- [Assignment]: Only the pictures are to be left out, and the rest of the entries should be reproduced exactly.

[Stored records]
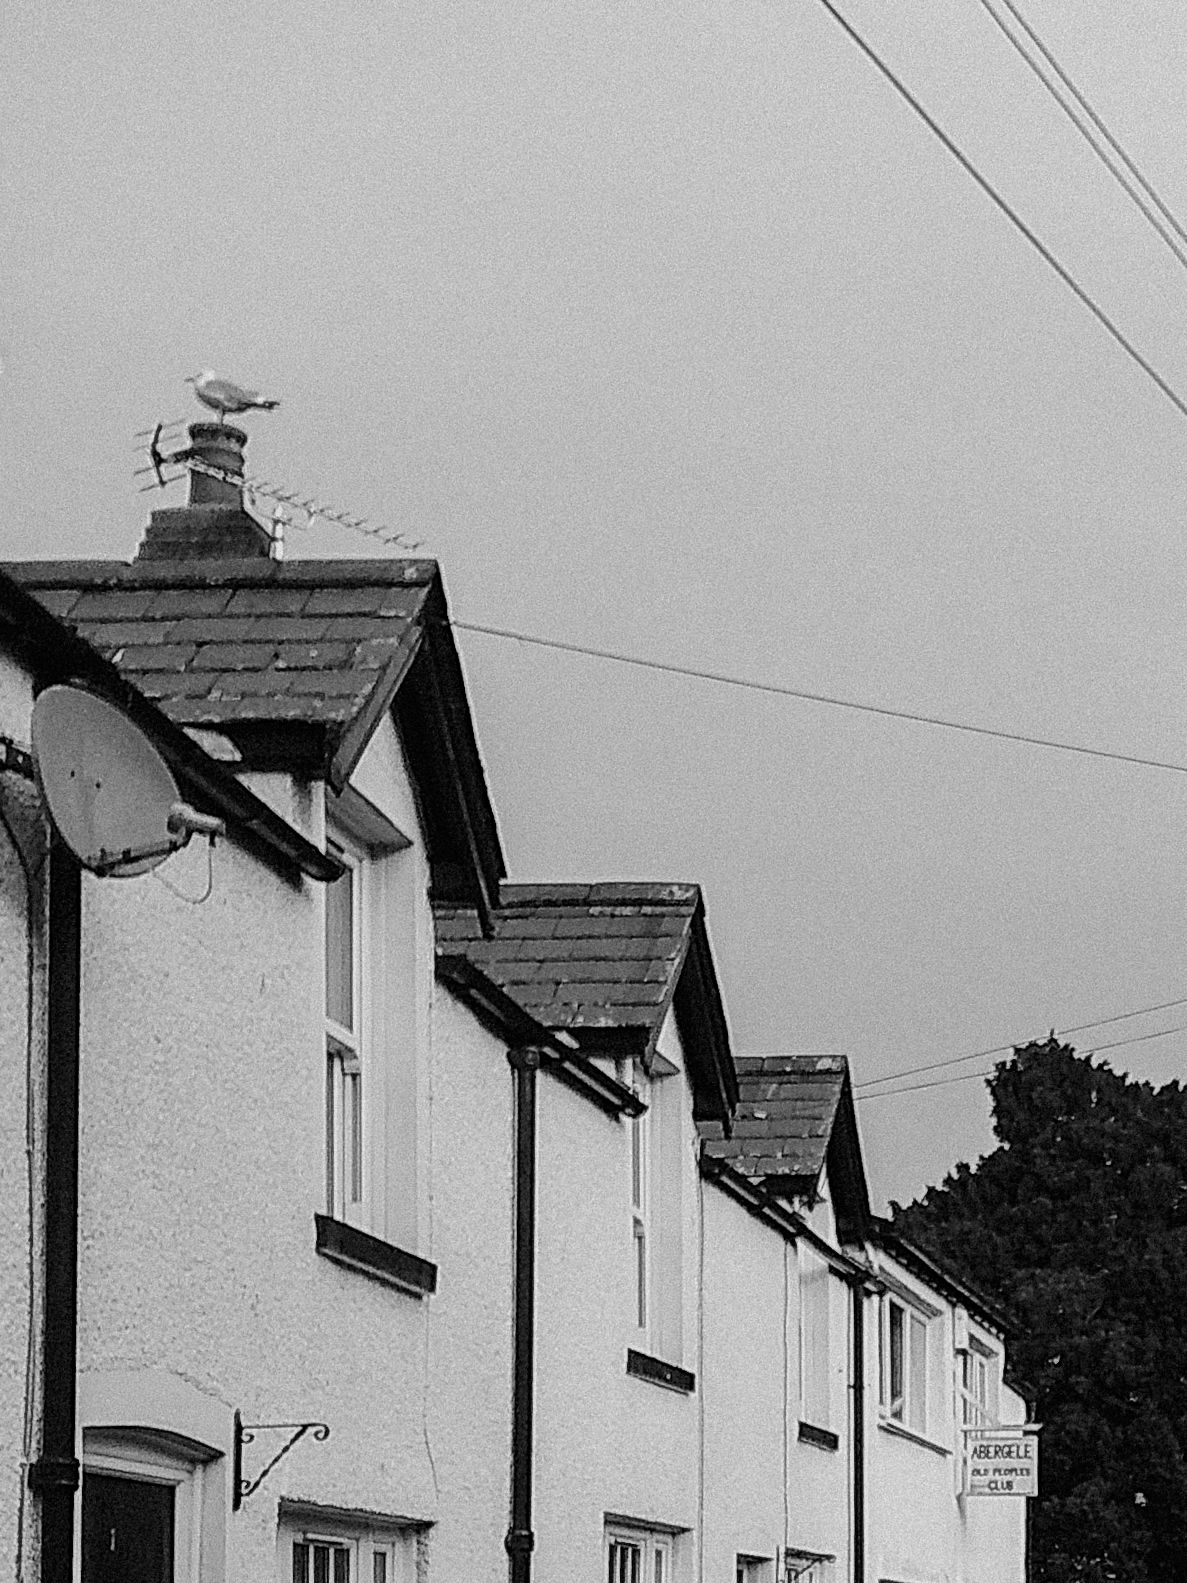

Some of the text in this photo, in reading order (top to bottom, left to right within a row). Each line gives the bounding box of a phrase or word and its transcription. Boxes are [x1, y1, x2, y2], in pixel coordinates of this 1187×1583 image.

[971, 1443, 1032, 1460] ABERGELE
[971, 1467, 989, 1477] OLD
[987, 1480, 1014, 1491] CLUB
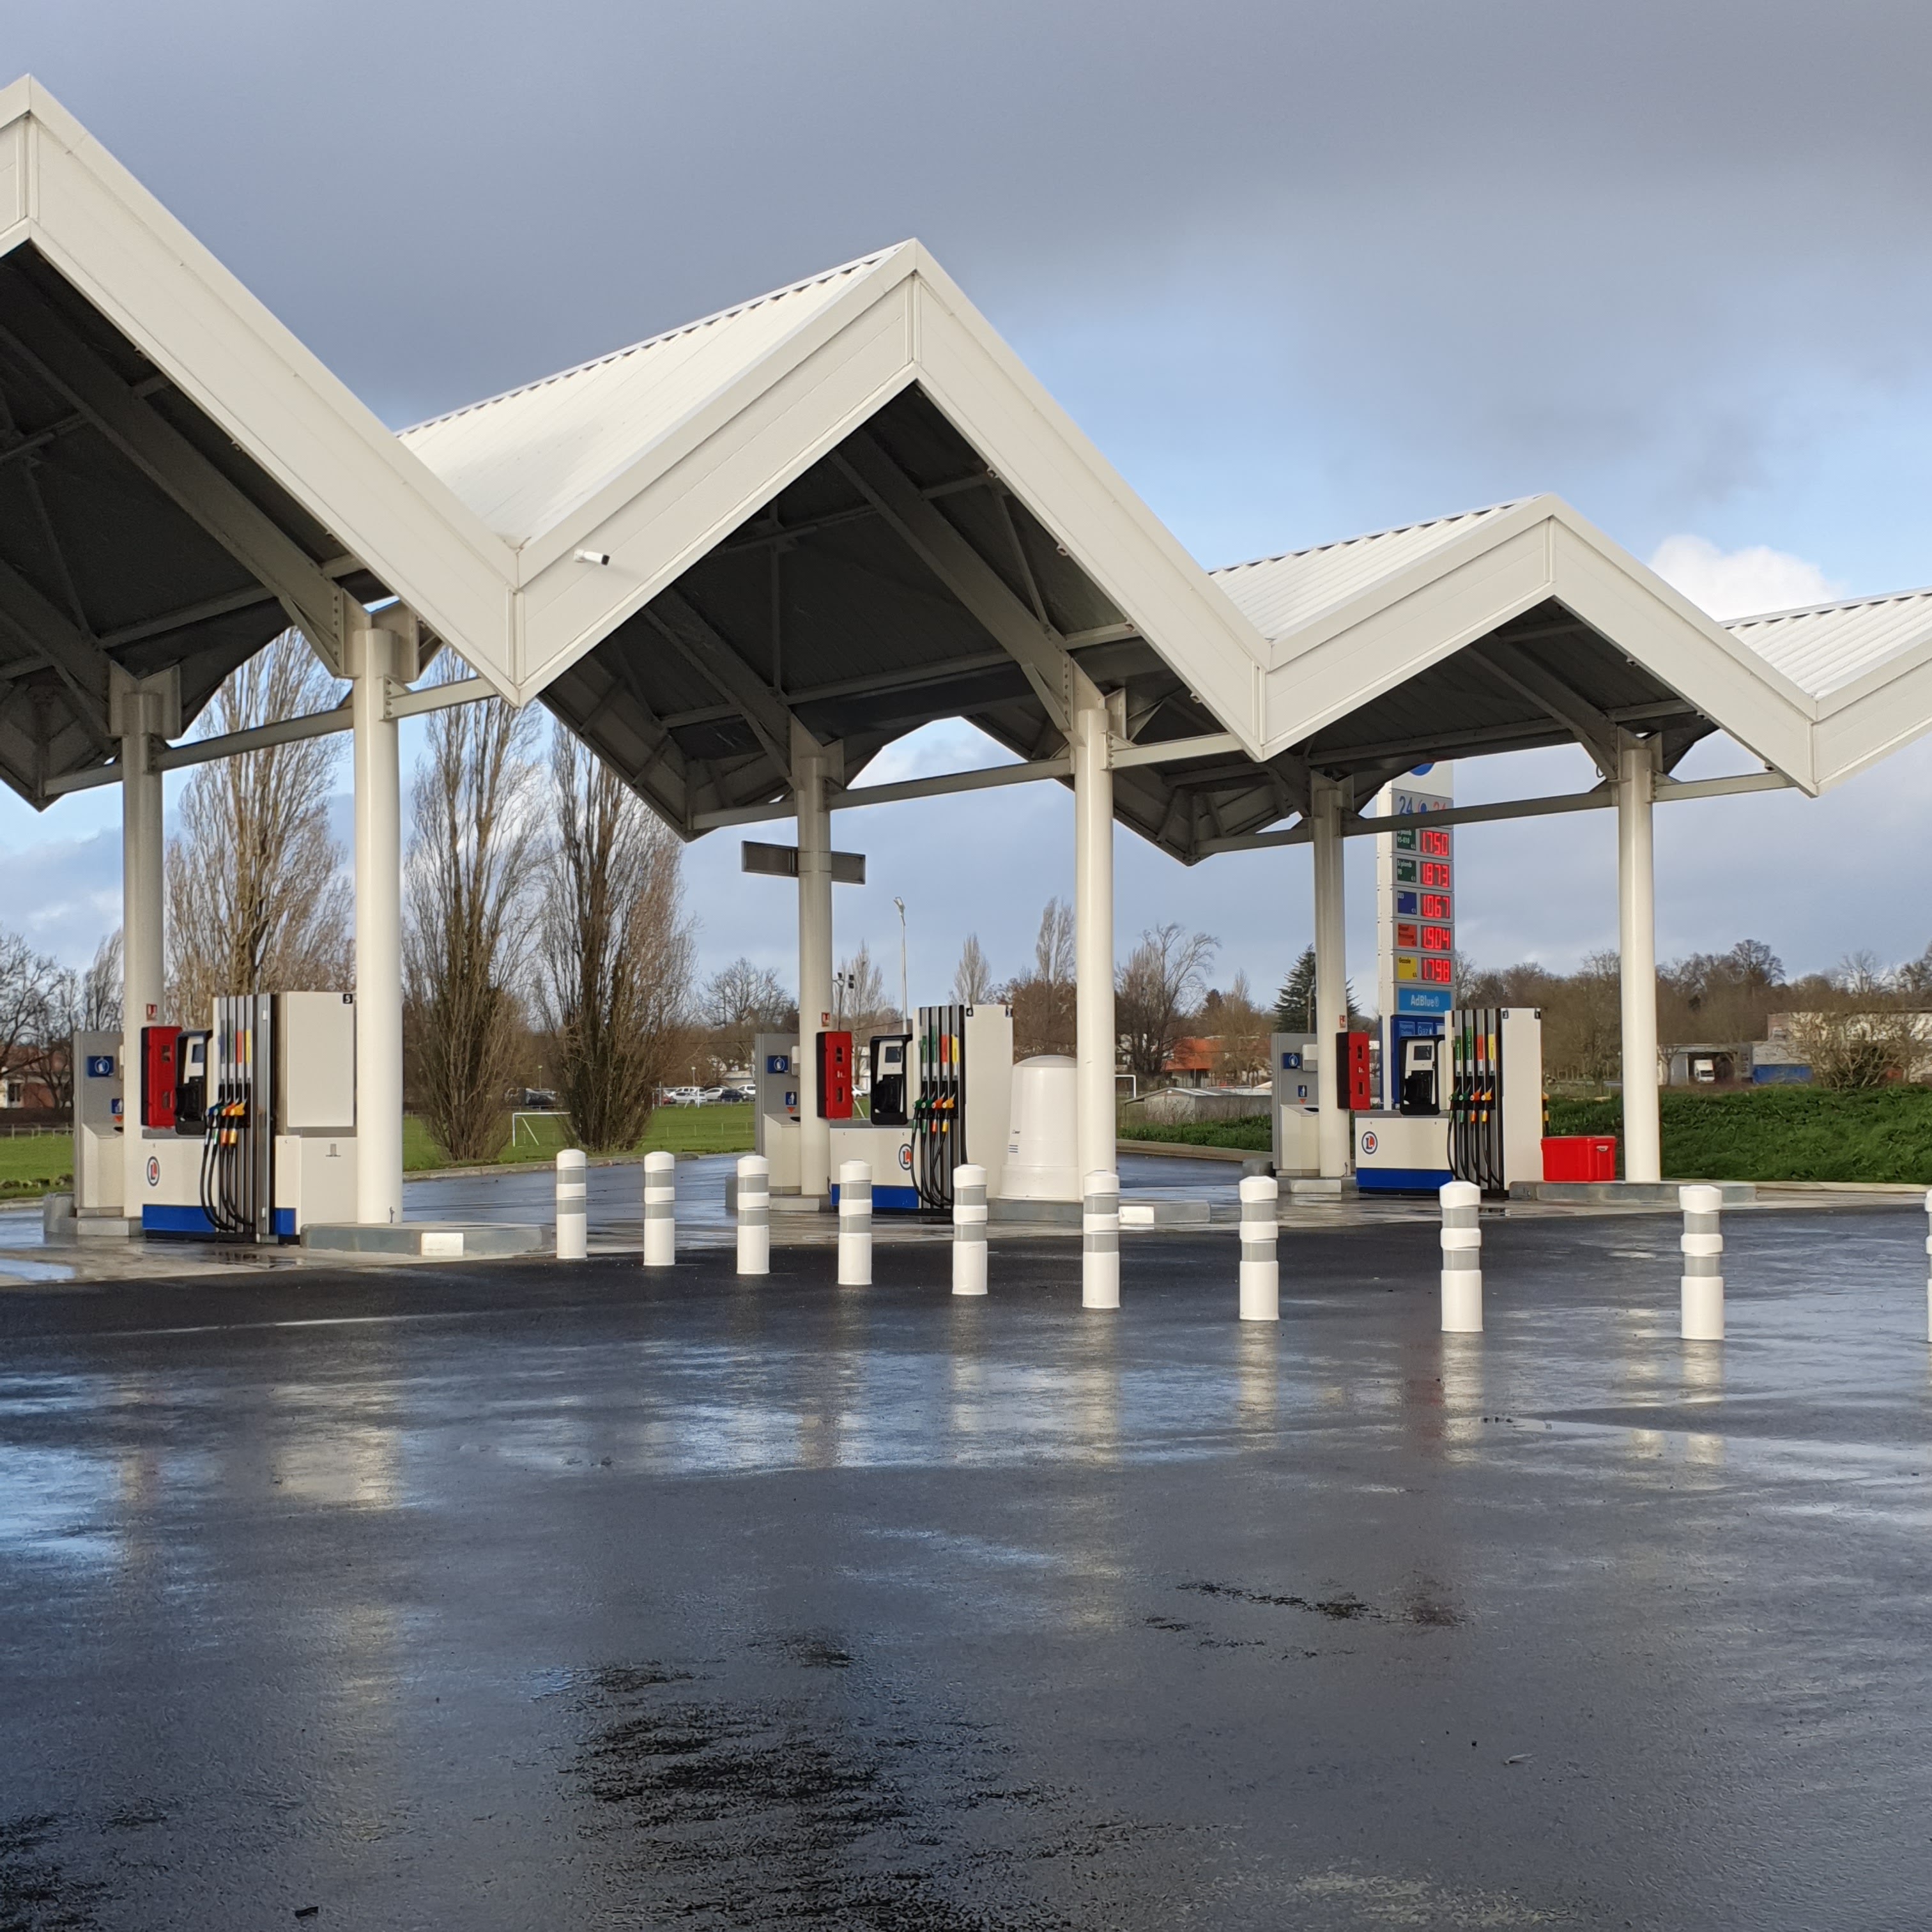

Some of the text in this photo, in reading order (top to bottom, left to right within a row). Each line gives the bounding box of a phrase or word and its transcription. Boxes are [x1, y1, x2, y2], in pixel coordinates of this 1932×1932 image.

[1399, 795, 1413, 815] 24
[345, 995, 351, 1003] 5
[1418, 1025, 1428, 1035] Gaz

- [Task answer]:
Some of the text in this photo, in reading order (top to bottom, left to right within a row). Each line gives the bounding box of a phrase or word and its transcription. Boxes are [x1, y1, x2, y2], in pixel coordinates of this 1187×1583 image.

[971, 1443, 1032, 1460] ABERGELE
[971, 1467, 989, 1477] OLD
[987, 1480, 1014, 1491] CLUB

Some of the text in this photo, in reading order (top to bottom, left to right within a row). Each line gives the bounding box of a phrase or word and its transcription. Boxes are [x1, y1, x2, y2], in pixel coordinates of this 1932×1932 image.

[1399, 795, 1413, 815] 24
[345, 995, 351, 1003] 5
[1418, 1025, 1428, 1035] Gaz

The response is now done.